Instructions to follow:
Each line below should be repeated exactly as written, with no pictures carried over.

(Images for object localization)
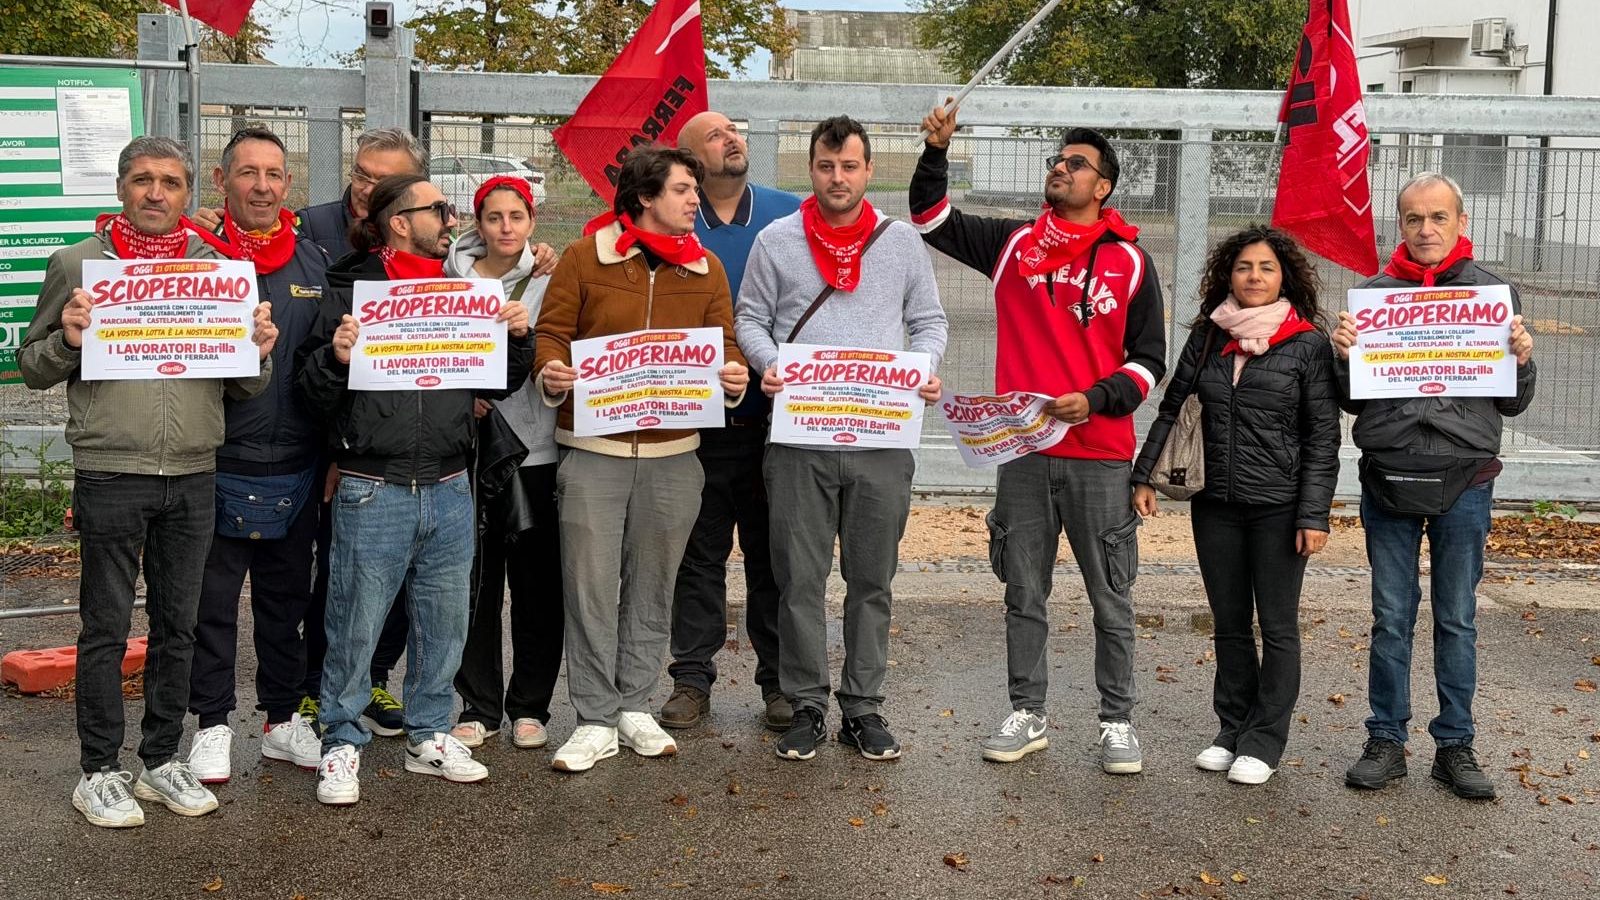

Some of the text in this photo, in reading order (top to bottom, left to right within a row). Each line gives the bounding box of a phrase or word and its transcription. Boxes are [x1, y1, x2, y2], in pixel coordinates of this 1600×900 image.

[22, 237, 66, 245] SICUREZZA
[92, 277, 250, 303] SCIOPERIAMO
[360, 295, 500, 323] SCIOPERIAMO
[1356, 303, 1508, 330] SCIOPERIAMO
[109, 343, 236, 354] I LAVORATORI Barilla
[373, 357, 484, 369] I LAVORATORI Barilla
[580, 344, 716, 378] SCIOPERIAMO
[784, 362, 921, 388] SCIOPERIAMO
[1373, 365, 1493, 376] I LAVORATORI Barilla
[602, 402, 668, 417] LAVORATORI
[672, 401, 702, 411] Barilla
[624, 411, 648, 419] MULINO
[860, 408, 882, 416] NOSTRA
[801, 417, 867, 428] LAVORATORI
[870, 421, 900, 431] Barilla

Answer space:
Some of the text in this photo, in reading order (top to bottom, left to right within a row). Each line gives the bounding box of a phrase or word and its transcription. Boxes are [x1, y1, x2, y2], in pixel coordinates of this 1600×900 image.

[22, 237, 66, 245] SICUREZZA
[92, 277, 250, 303] SCIOPERIAMO
[360, 295, 500, 323] SCIOPERIAMO
[1356, 303, 1508, 330] SCIOPERIAMO
[109, 343, 236, 354] I LAVORATORI Barilla
[373, 357, 484, 369] I LAVORATORI Barilla
[580, 344, 716, 378] SCIOPERIAMO
[784, 362, 921, 388] SCIOPERIAMO
[1373, 365, 1493, 376] I LAVORATORI Barilla
[602, 402, 668, 417] LAVORATORI
[672, 401, 702, 411] Barilla
[624, 411, 648, 419] MULINO
[860, 408, 882, 416] NOSTRA
[801, 417, 867, 428] LAVORATORI
[870, 421, 900, 431] Barilla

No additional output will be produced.